News from Bob Jehn of Burney-Fall River Rotary Club:

During President’s Day Weekend, five Interact students from Burney and Fall River High Schools traveled with five adult advisors to Agua Prieta, Mexico to perform community service alongside members of the Rotary Club and Rotaract Club of Agua Preita.


Interact students Alexus Bellino and Kaitlin Estes talk with a resident of the nursing home in Agua Prieta, Mexico.

Heather Cook and other Interact students paint an amphitheater in Agua Prieta, Mexico.

Students cooked hamburgers for 200 children in an underserved neighborhood, painted an amphitheater that had previously been a site for drug sales, handed out soccer balls to children at an after-school foster child facility, painted a mural they designed on the wall of the dining room at a nursing home, visited a local high school where they interested students in forming an Interact Club, and painted classrooms at a school for disabled children.

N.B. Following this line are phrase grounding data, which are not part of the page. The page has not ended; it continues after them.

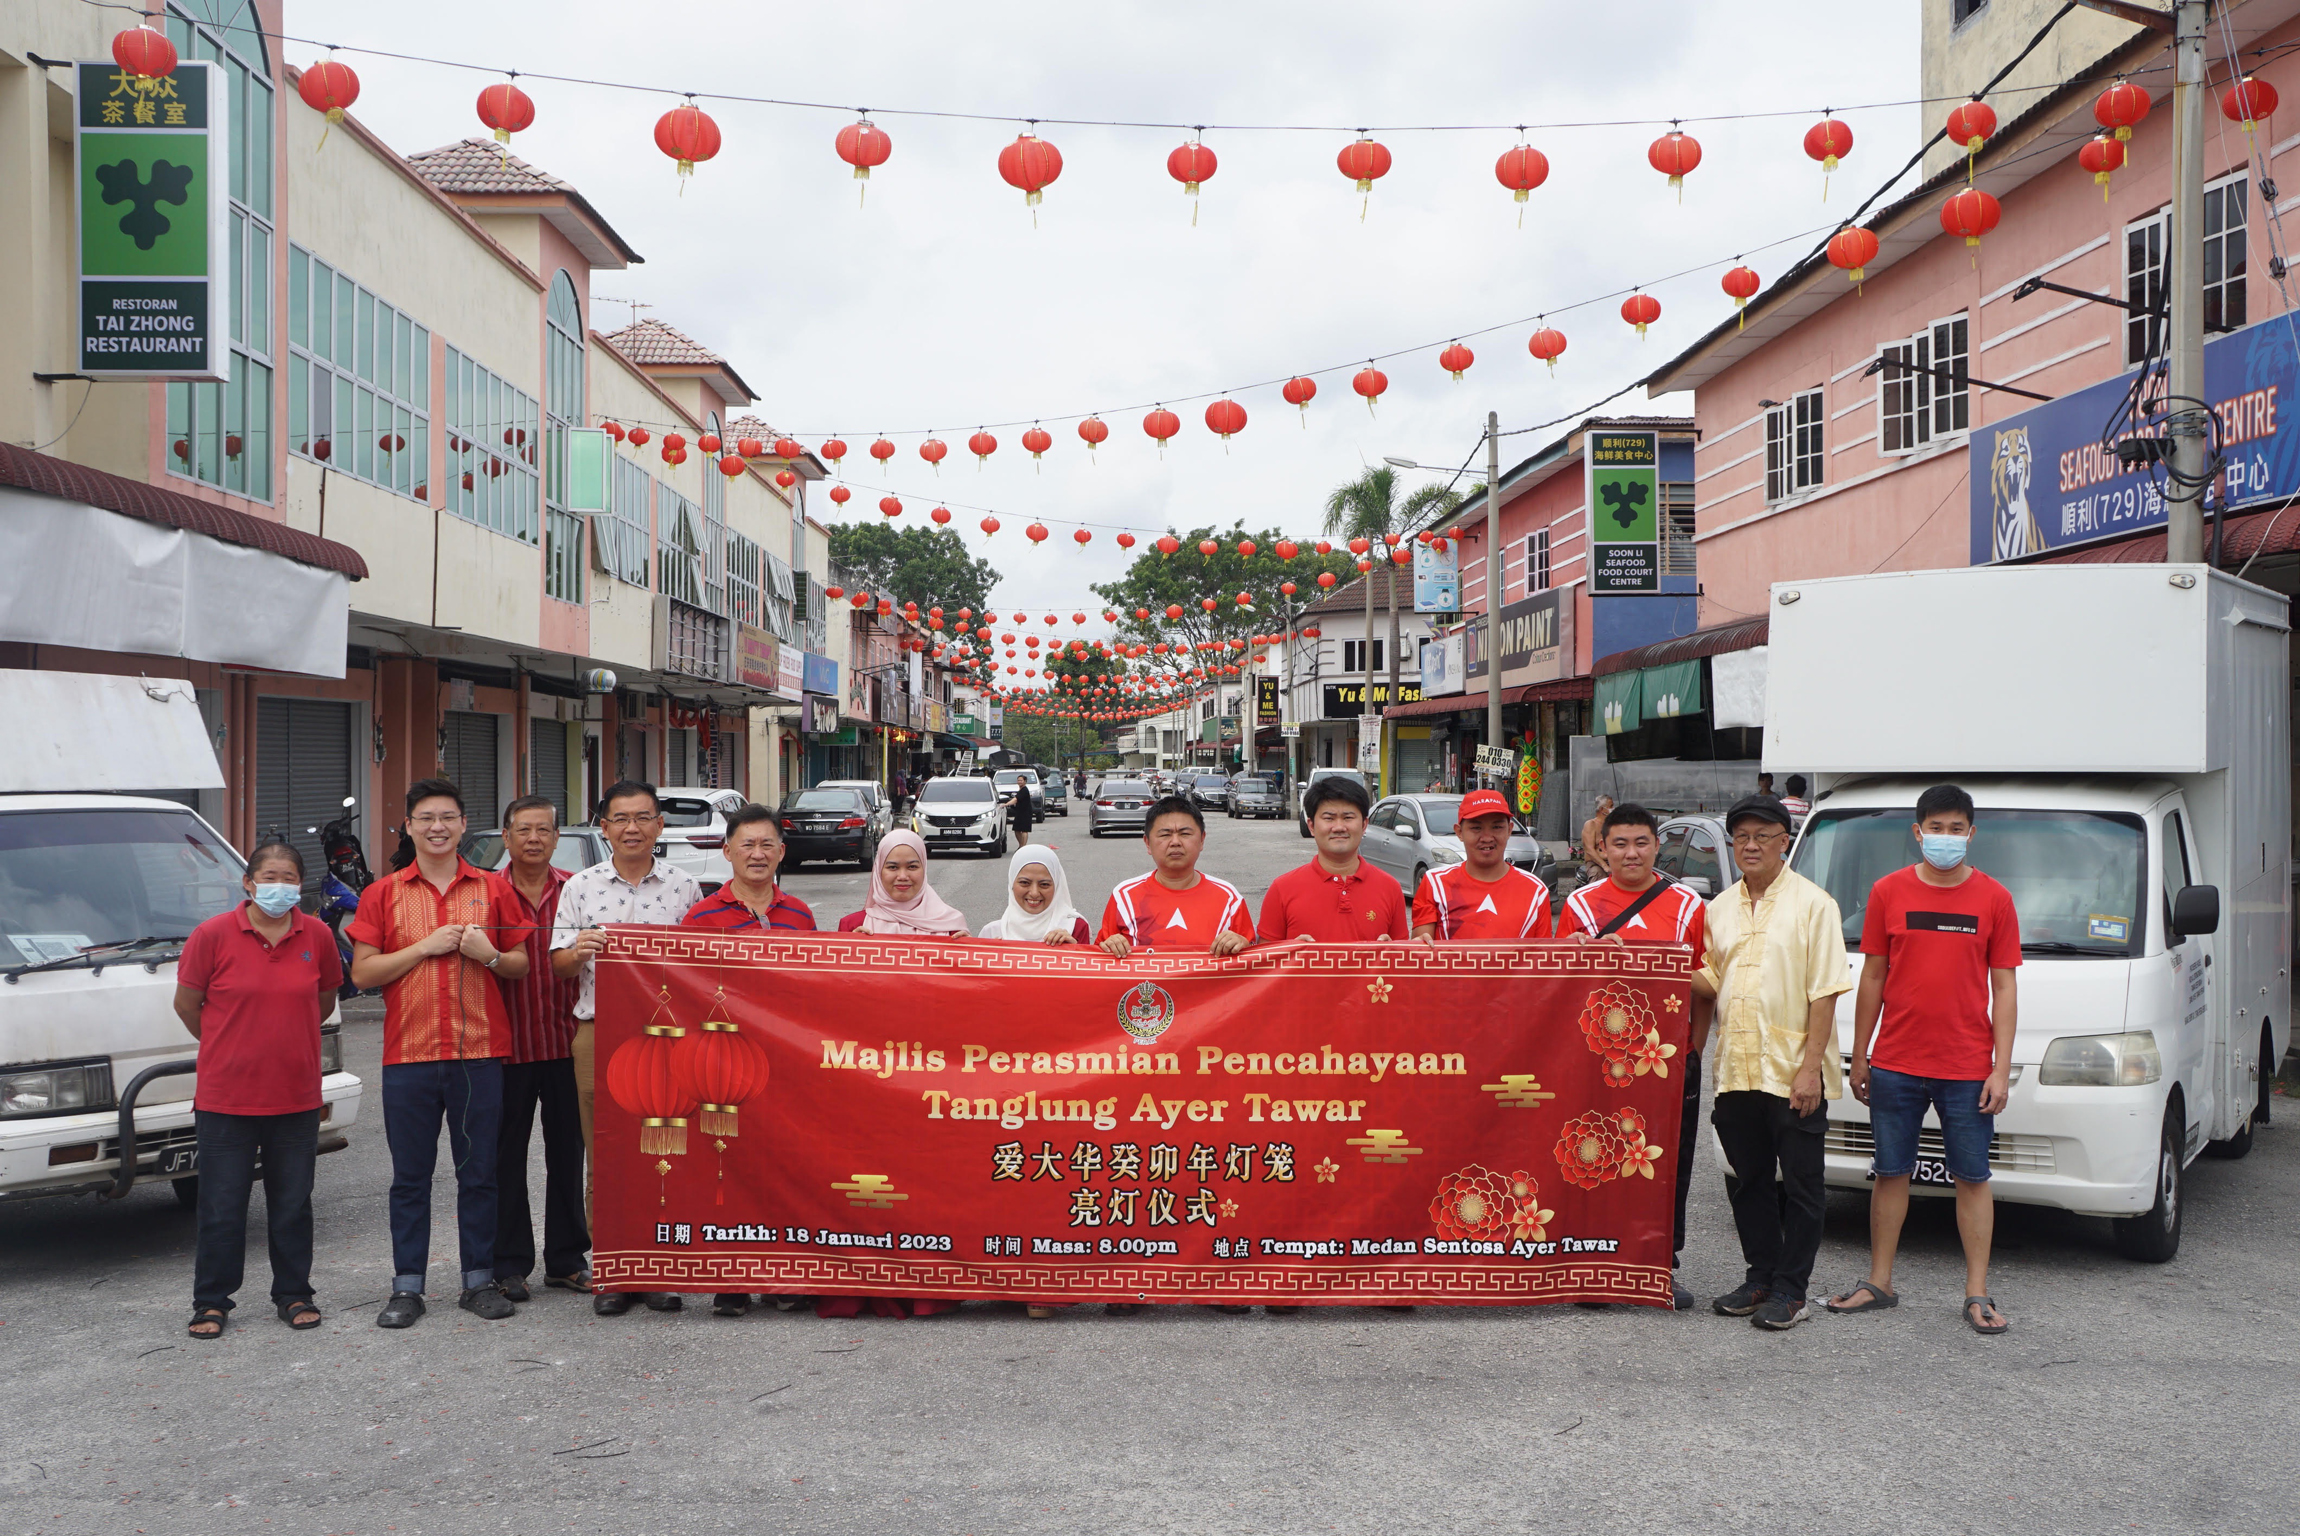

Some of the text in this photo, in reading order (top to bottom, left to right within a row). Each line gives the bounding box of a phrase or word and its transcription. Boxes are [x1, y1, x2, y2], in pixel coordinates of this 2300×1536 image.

[109, 68, 178, 99] 大众
[102, 101, 187, 125] 茶餐室
[112, 299, 178, 310] RESTORAN
[96, 315, 195, 331] TAI ZHONG
[86, 337, 203, 353] RESTAURANT
[2212, 385, 2278, 450] CENTRE
[2060, 438, 2115, 492] SEAFOOD
[1605, 559, 1646, 567] SEAFOOD
[1608, 549, 1643, 557] SOON LI
[1598, 568, 1653, 576] FOOD COURT
[1477, 607, 1553, 662] NION PAINT
[1263, 682, 1274, 690] YU
[1338, 687, 1356, 702] Yu
[1476, 754, 1512, 768] 244 0330
[1488, 747, 1503, 757] 010
[820, 1040, 1468, 1082] Majlis Perasmian Pencahayaan
[921, 1090, 1367, 1130] Tanglung Ayer Tawar
[165, 1150, 199, 1173] JFY
[993, 1142, 1296, 1183] 爱大华癸卯年灯笼
[1070, 1187, 1218, 1228] 亮灯仪式
[656, 1224, 952, 1251] 日期 Tarikh: 18 Januari 2023
[985, 1236, 1178, 1257] 时间 Masa: 8.00pm
[1213, 1236, 1619, 1259] 地点 Tempat: Medan Sentosa Ayer Tawar
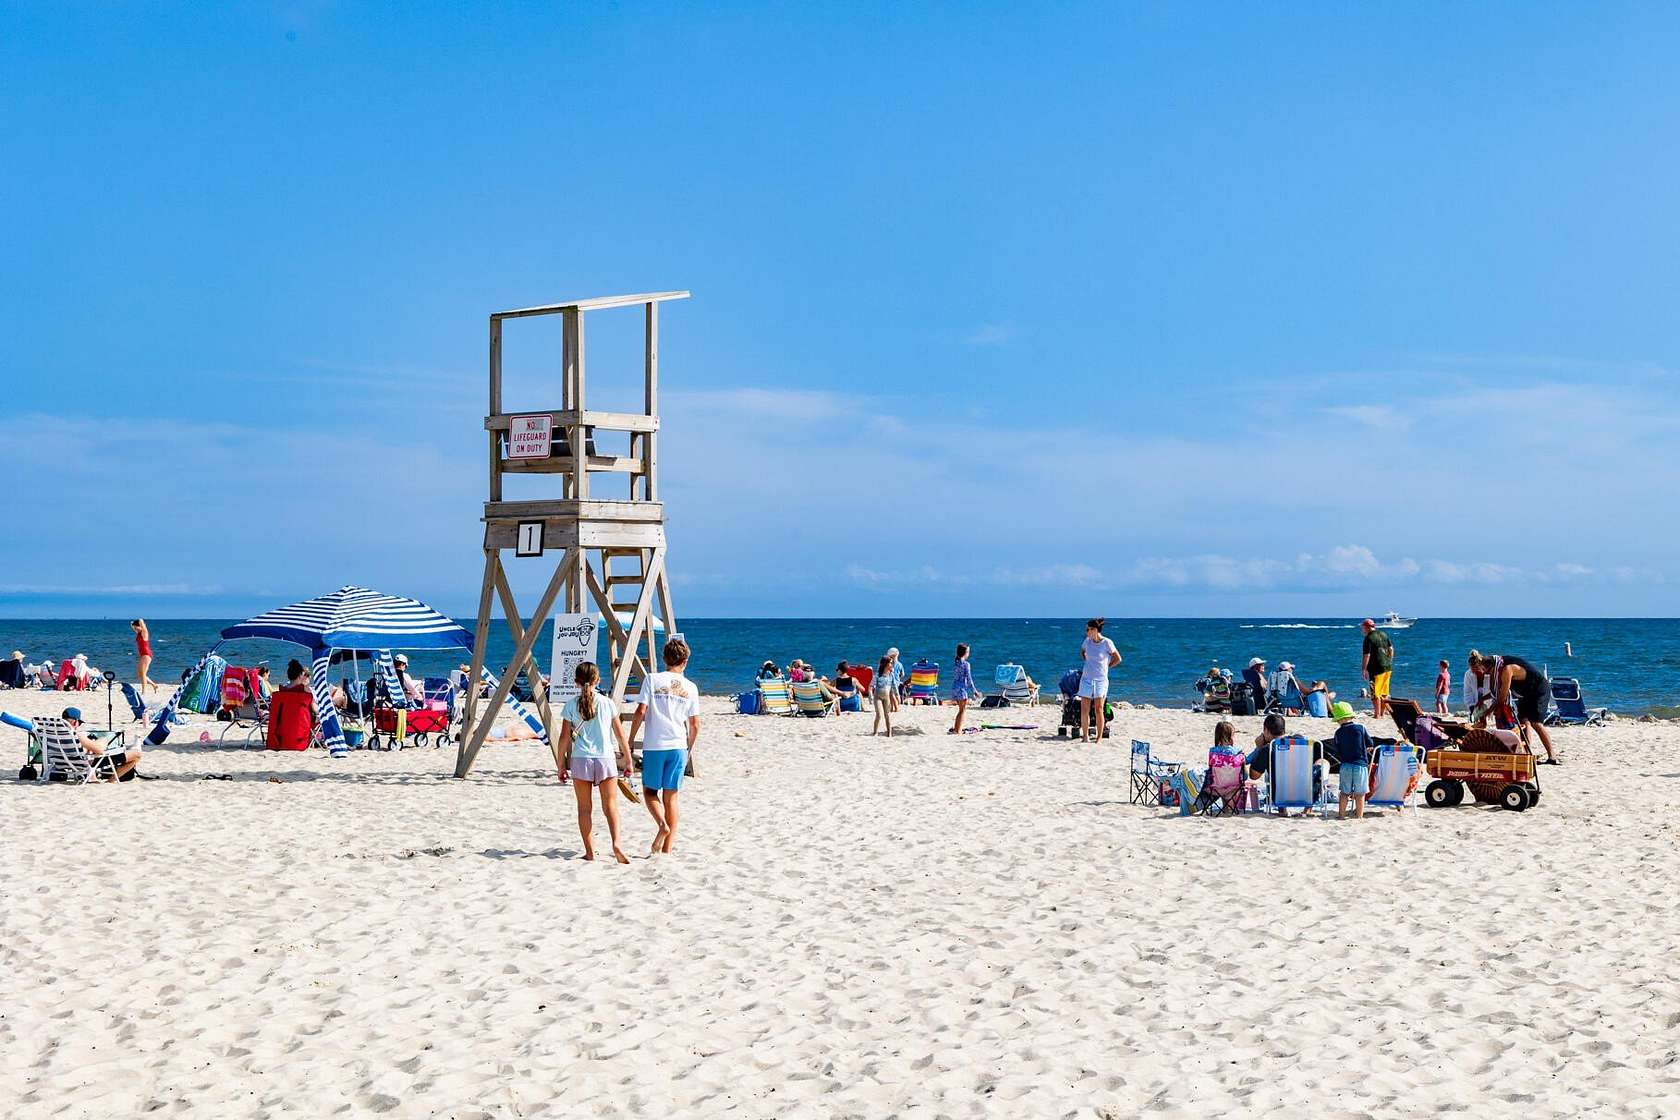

Intermountain Interactors were overwhelmed by some of the living conditions they saw and want to help more. The mother of one of the students who went on the trip said her daughter’s life is “forever changed”.

Interact students Maria Mercado and Jennifer Mercado talk with a boy at the foster children’s school in Agua Prieta, Mexico.

Rotarian Bob Jehn, who has organized the trip for the last two years said, “Providing these kind of experiences for the youth of our community gives me great satisfaction. It is a great pleasure for me to head up our Rotary Club’s youth programs, and seeing the Interact student’s happy, bright, smiling faces is what gives me hope for the future.”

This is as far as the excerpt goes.